### TASK INPUTS ###
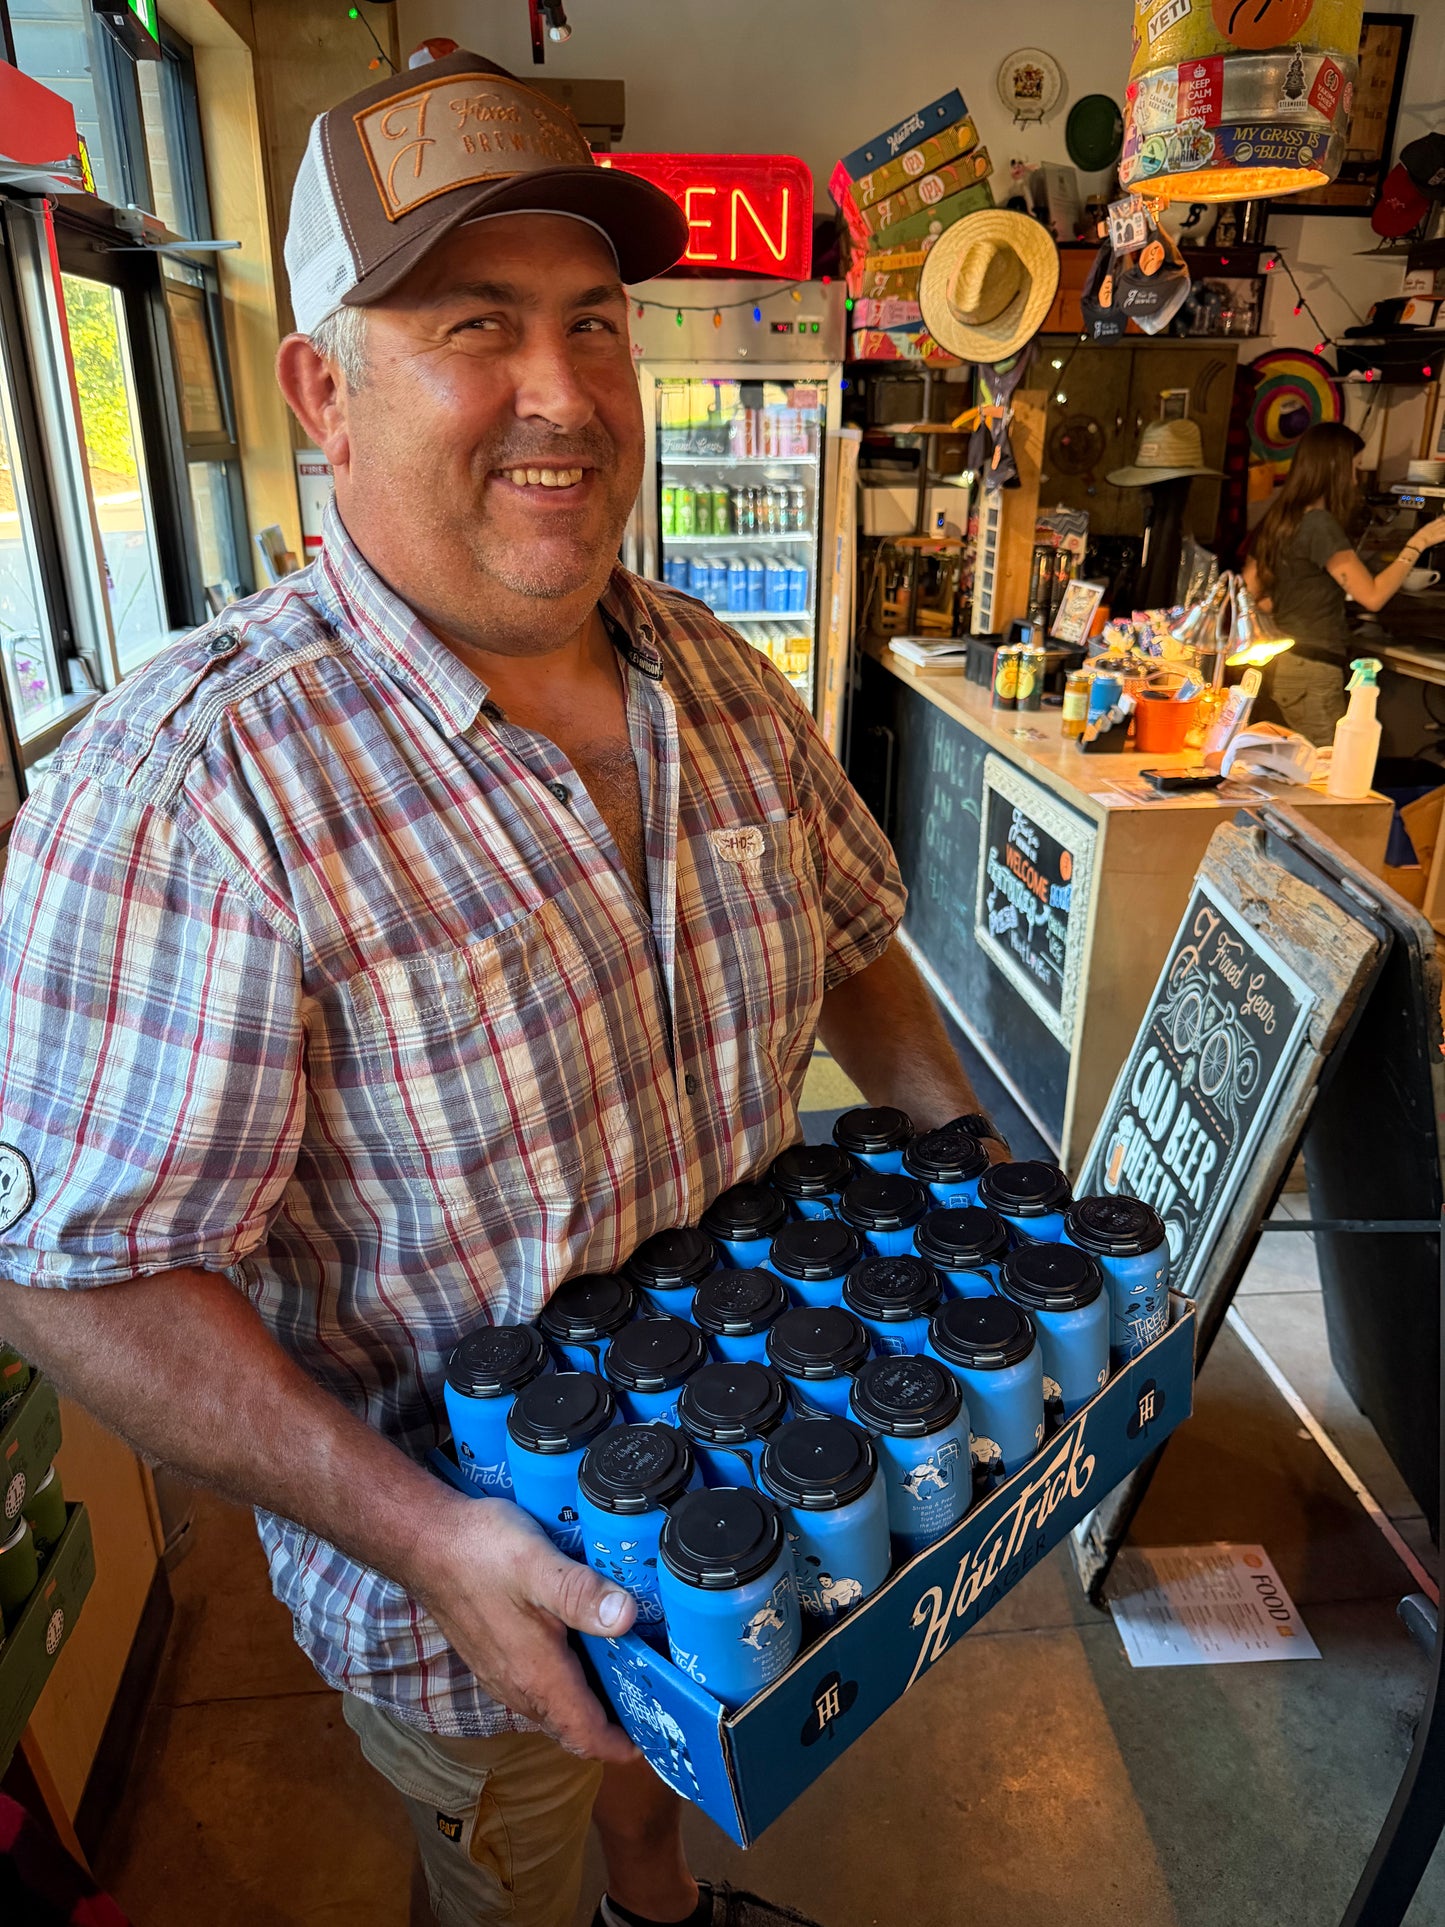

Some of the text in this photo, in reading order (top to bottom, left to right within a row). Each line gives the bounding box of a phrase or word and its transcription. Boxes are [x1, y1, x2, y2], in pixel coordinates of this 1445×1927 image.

[1150, 0, 1186, 36] YETI
[1187, 88, 1212, 100] CALM
[1189, 78, 1210, 91] KEEP
[1183, 104, 1213, 117] ROVER
[1232, 127, 1320, 148] MY GRASS IS
[1254, 145, 1297, 160] BLUE
[904, 153, 923, 173] IPA
[922, 178, 943, 203] IPA
[685, 187, 788, 261] EN
[1005, 843, 1049, 903] WELCOME
[1207, 931, 1276, 1035] Fixed Gear
[1131, 1046, 1218, 1212] COLD BEER
[1128, 1307, 1165, 1340] THREE
[1250, 1574, 1291, 1622] FOOD
[611, 1666, 646, 1704] THREE
[619, 1691, 661, 1733] CHEERS!
[439, 1818, 460, 1837] CAT
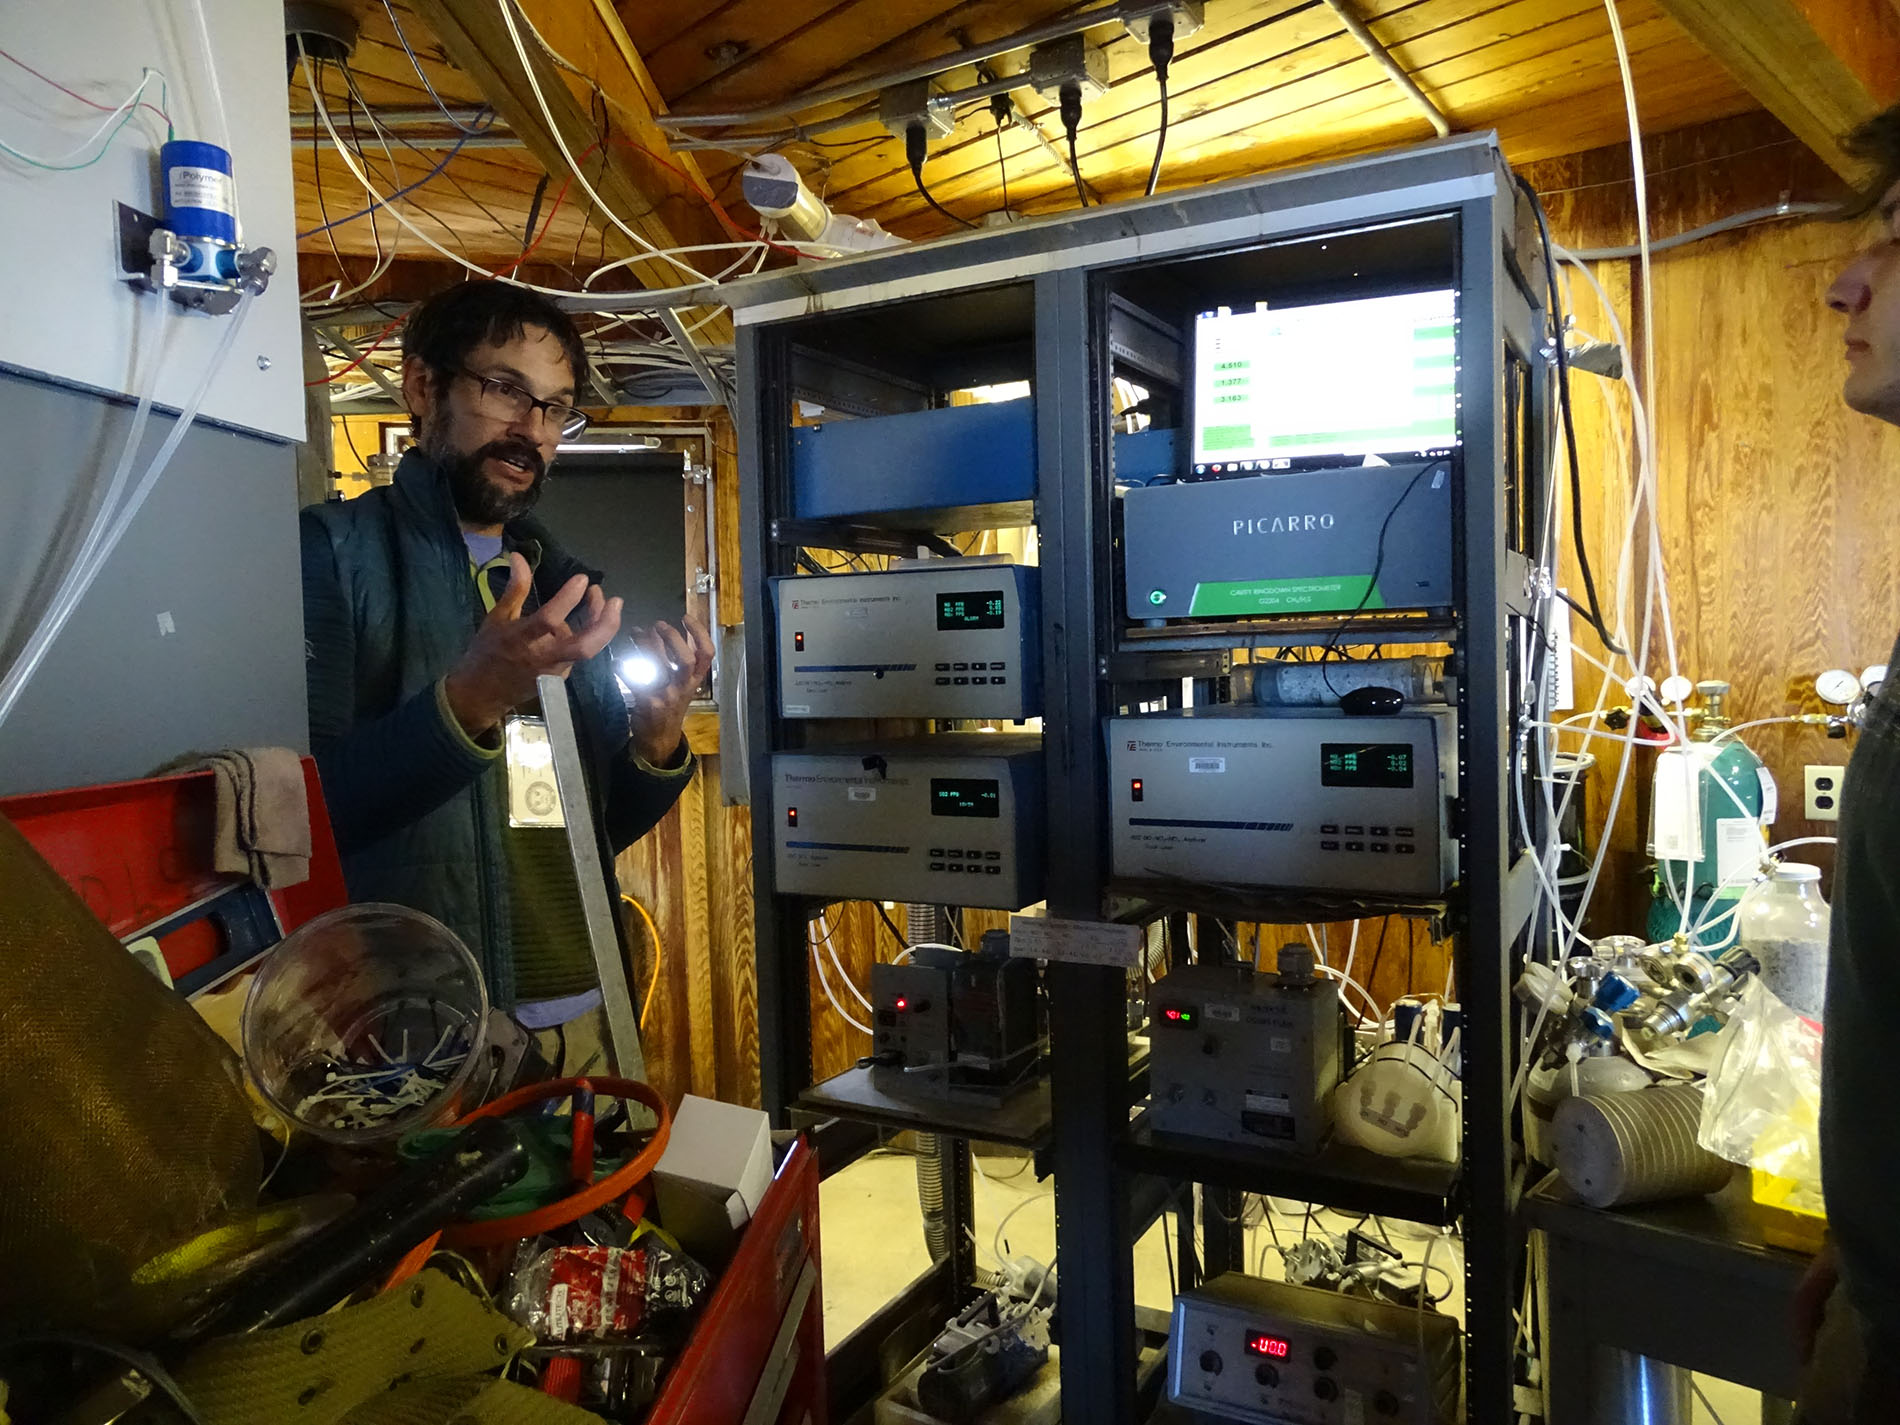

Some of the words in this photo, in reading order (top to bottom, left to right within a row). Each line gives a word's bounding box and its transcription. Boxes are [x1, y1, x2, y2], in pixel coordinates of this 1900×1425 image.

[1233, 513, 1335, 536] PICARRO
[1230, 589, 1252, 597] CAVITY
[1253, 587, 1292, 596] RINGDOWN
[1292, 584, 1342, 594] SPECTROMETER
[1138, 740, 1162, 749] Thermo
[1166, 740, 1214, 748] Environmental
[1216, 740, 1258, 749] Instruments
###
EXERCISE REQUIREMENTS =
All of the records above must be copied exactly, except for the pictures.

RESPONSE BELOW =
Some of the text in this photo, in reading order (top to bottom, left to right within a row). Each line gives the bounding box of a phrase or word and its transcription. Boxes are [x1, y1, x2, y2], in pixel coordinates of this 1445×1927 image.

[1150, 0, 1186, 36] YETI
[1187, 88, 1212, 100] CALM
[1189, 78, 1210, 91] KEEP
[1183, 104, 1213, 117] ROVER
[1232, 127, 1320, 148] MY GRASS IS
[1254, 145, 1297, 160] BLUE
[904, 153, 923, 173] IPA
[922, 178, 943, 203] IPA
[685, 187, 788, 261] EN
[1005, 843, 1049, 903] WELCOME
[1207, 931, 1276, 1035] Fixed Gear
[1131, 1046, 1218, 1212] COLD BEER
[1128, 1307, 1165, 1340] THREE
[1250, 1574, 1291, 1622] FOOD
[611, 1666, 646, 1704] THREE
[619, 1691, 661, 1733] CHEERS!
[439, 1818, 460, 1837] CAT

Some of the words in this photo, in reading order (top to bottom, left to right within a row). Each line gives a word's bounding box and its transcription. Boxes are [x1, y1, x2, y2], in pixel coordinates of this 1900×1425 image.

[1233, 513, 1335, 536] PICARRO
[1230, 589, 1252, 597] CAVITY
[1253, 587, 1292, 596] RINGDOWN
[1292, 584, 1342, 594] SPECTROMETER
[1138, 740, 1162, 749] Thermo
[1166, 740, 1214, 748] Environmental
[1216, 740, 1258, 749] Instruments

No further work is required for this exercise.